What has genuinely been a lifesaver, though, is the Panda Teether. When the teething demons possessed Zoe last month, turning my usually sweet child into a rabid wolverine who wanted to gnaw on the edge of the glass coffee table, this little silicone panda was our only defense. It's food-grade, completely non-toxic, and crucially, you can chuck it in the fridge. Handing a furious toddler a cold, textured panda to chew on instead of my iPhone is perhaps the greatest parenting hack I've discovered this year.
The truth is, trying to keep up with the internet while keeping two tiny humans alive is a losing game. Instead of auditing your social media hashtags while panic-sweating over slang dictionaries and worrying about your child's digital footprint, just put the phone in a drawer, sit down on the carpet, and let them chew on a wooden bird until you both feel a bit more human again.
If you're ready to stop worrying about what the internet thinks of your parenting and just want some beautiful, quiet things for your kids to play with, check out the Kianao shop before you accidentally join a digital street gang.
Questions I still get asked about this whole mess
Since the incident, I've had several parent friends text me in a panic after making similar social media blunders. Here's what I usually tell them.
What does baby booter actually mean?
Despite sounding like an adorable term of endearment, it's really internet slang for either a deadbeat father who runs away from child support, or a very young person involved in gang violence and shootings. I know, it's completely unhinged. Don't use it on videos of your kids eating porridge, take it from me.
Why is this slang suddenly everywhere on social media?
Because the algorithms that run our lives are deeply flawed. There was a cute dance trend going around, and the TikTok algorithm somehow mashed up the innocent hashtags with the terrifying street slang. It's just a classic case of the internet taking something wholesome and immediately ruining it for everyone.
Should I delete old photos if I used the wrong hashtag?

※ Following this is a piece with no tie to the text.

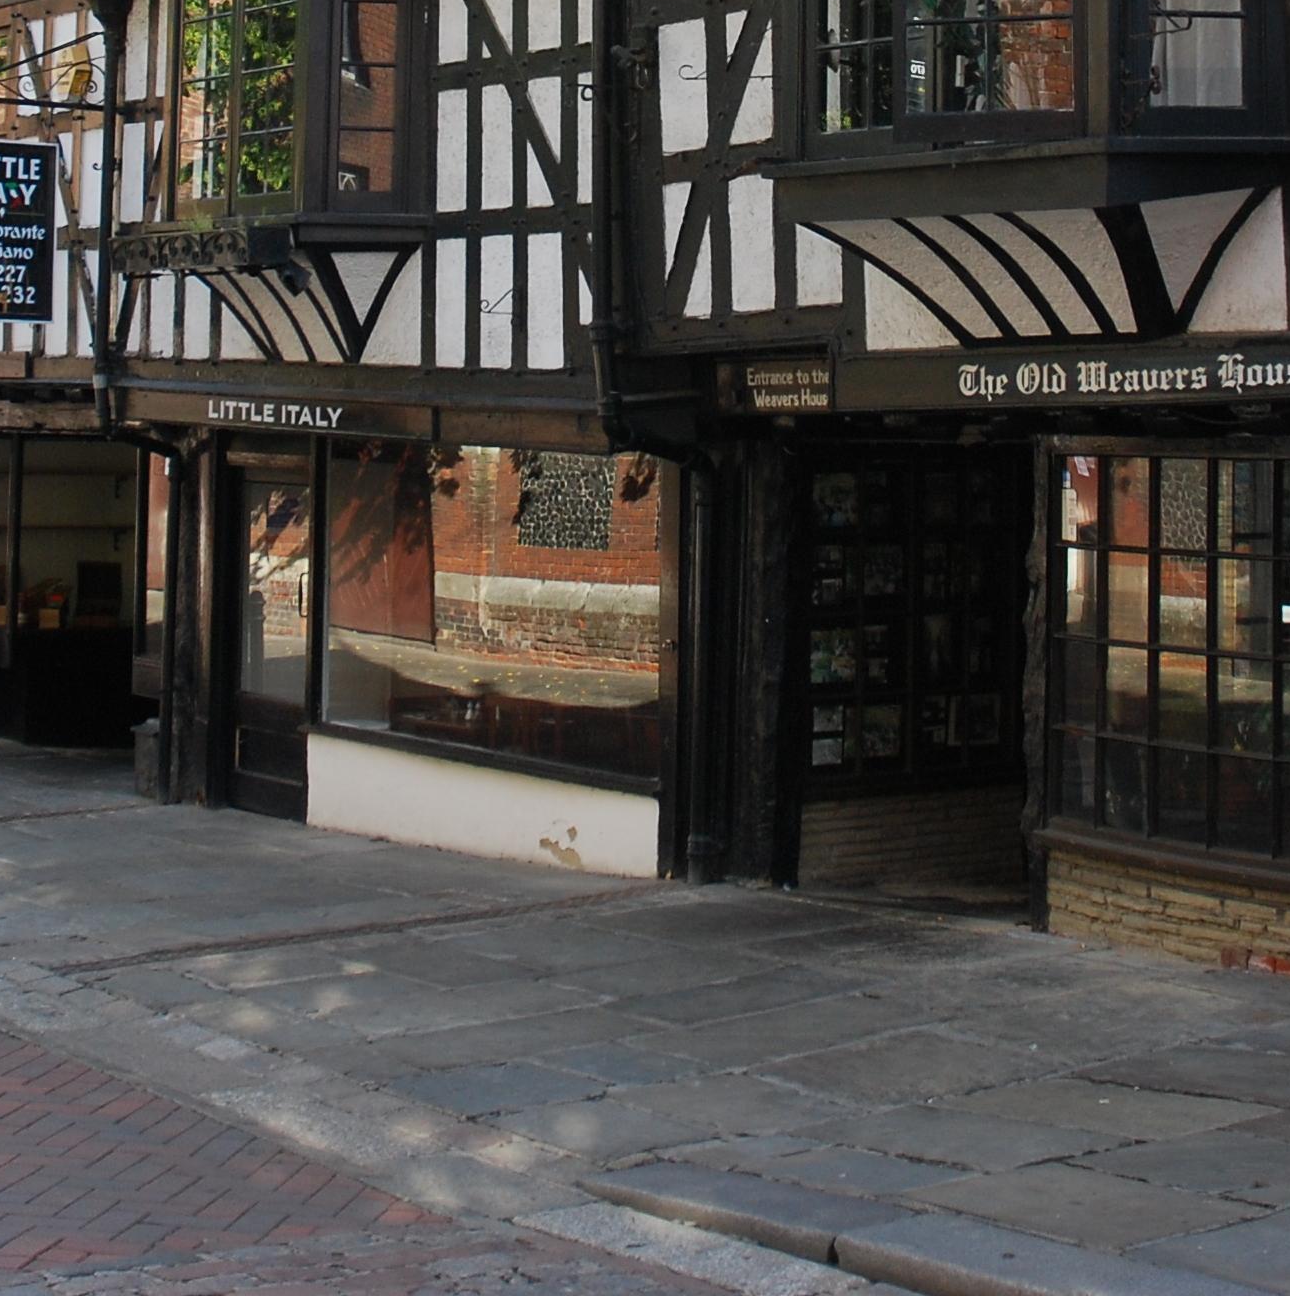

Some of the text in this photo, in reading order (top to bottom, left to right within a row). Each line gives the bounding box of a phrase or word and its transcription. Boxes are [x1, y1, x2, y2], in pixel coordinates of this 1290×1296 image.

I absolutely did, and I was sweating while I did it. Your kids' digital footprint is permanent, and having their baby photos linked to gang slang isn't exactly a great start in life. If you've used phrases you aren't 100% sure about, just go back and scrub the captions. It's better to be safe than accidentally viral for the worst possible reason.

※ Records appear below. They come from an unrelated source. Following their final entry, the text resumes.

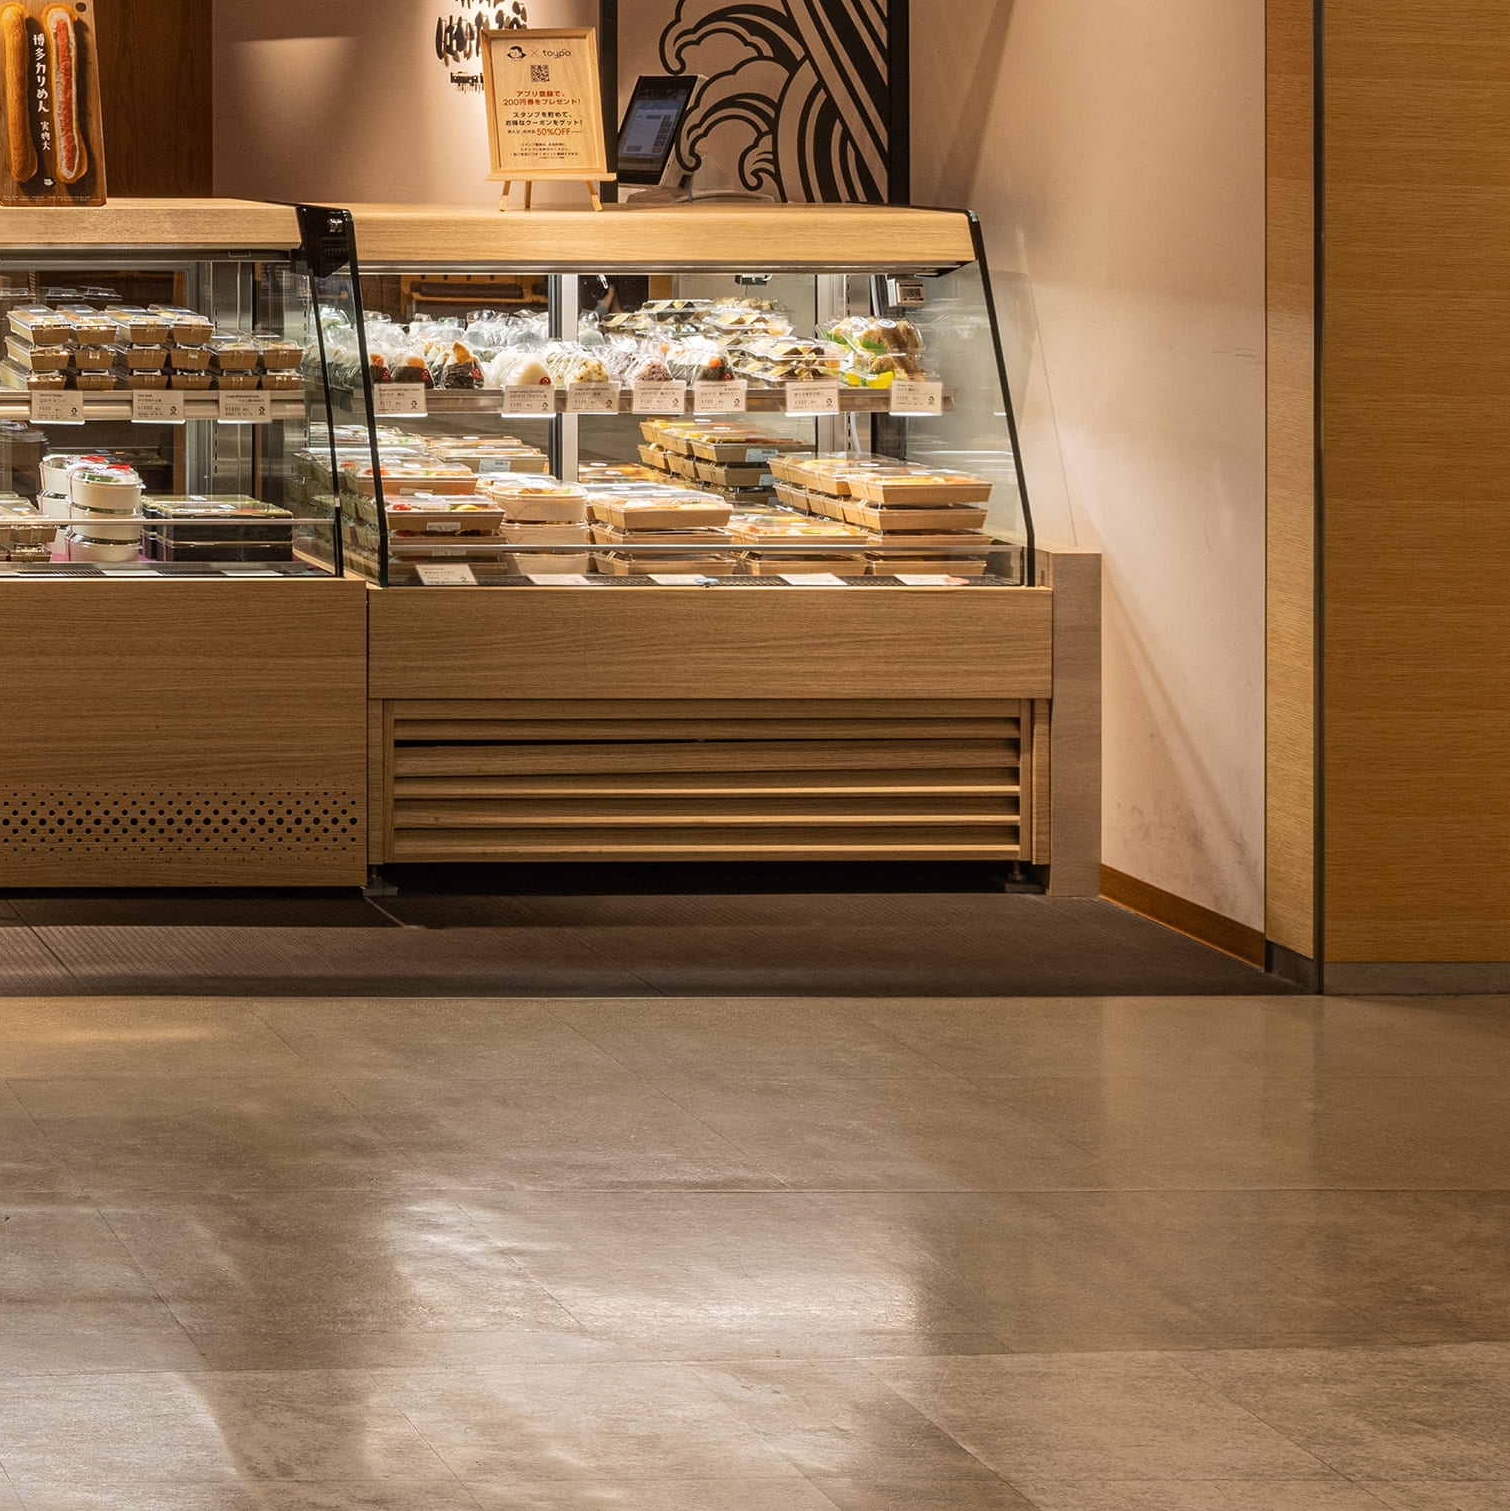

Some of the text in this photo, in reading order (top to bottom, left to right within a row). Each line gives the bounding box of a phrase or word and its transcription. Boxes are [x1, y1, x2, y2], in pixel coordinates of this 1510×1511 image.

[32, 33, 50, 113] 博多カリめん
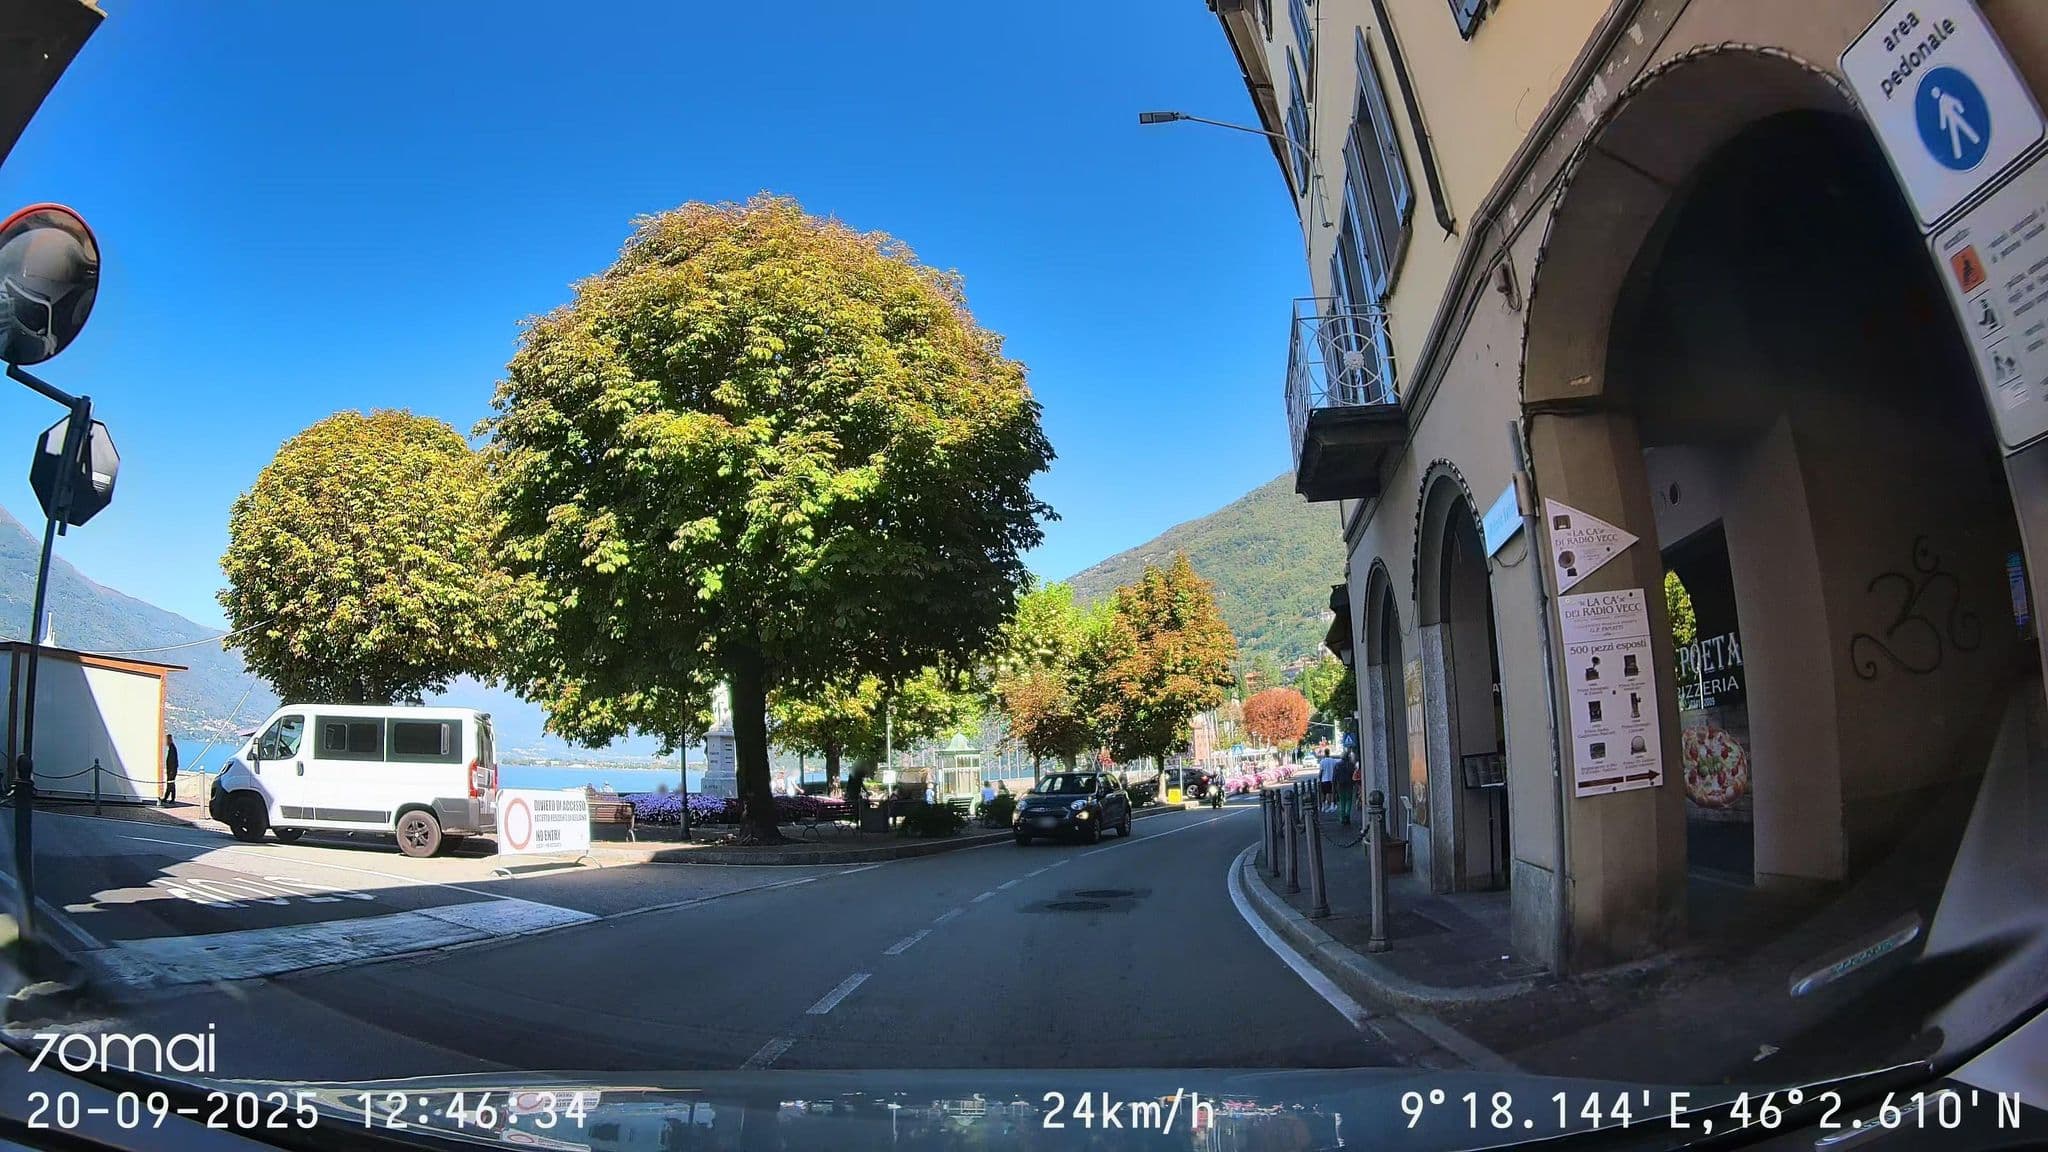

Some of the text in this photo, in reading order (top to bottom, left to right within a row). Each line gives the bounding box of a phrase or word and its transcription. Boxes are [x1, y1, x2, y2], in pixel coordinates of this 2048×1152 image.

[1883, 12, 1920, 51] area
[1881, 19, 1955, 99] pedonale
[1567, 536, 1594, 545] RADIO
[1597, 534, 1618, 543] VECC
[1587, 598, 1600, 607] LA
[1582, 605, 1614, 617] RADIO
[1616, 603, 1642, 613] VECC
[1570, 639, 1647, 654] 500 pezzi esposti
[1680, 632, 1743, 676] POETA
[563, 800, 586, 811] ACCESSO
[536, 829, 561, 841] NO ENTRY

How do I keep up with what's safe to say online?
You don't. It's physically impossible. By the time you learn what a word means, the teenagers have already moved on to something else to make us look foolish. Stick to the absolute basics like #baby and #toddler, or do what I do now—don't post them publicly at all and just send the photos directly to your mum.
Does taking kids offline seriously improve their behaviour?
In my very messy, non-scientific experience, yes. The first two days without iPad access are absolute torture (for them and for me), but once they realise the glowing rectangle isn't coming back, they honestly start playing with their wooden toys. They sleep better, they scream slightly less, and I don't have to worry about what TikTok is teaching them.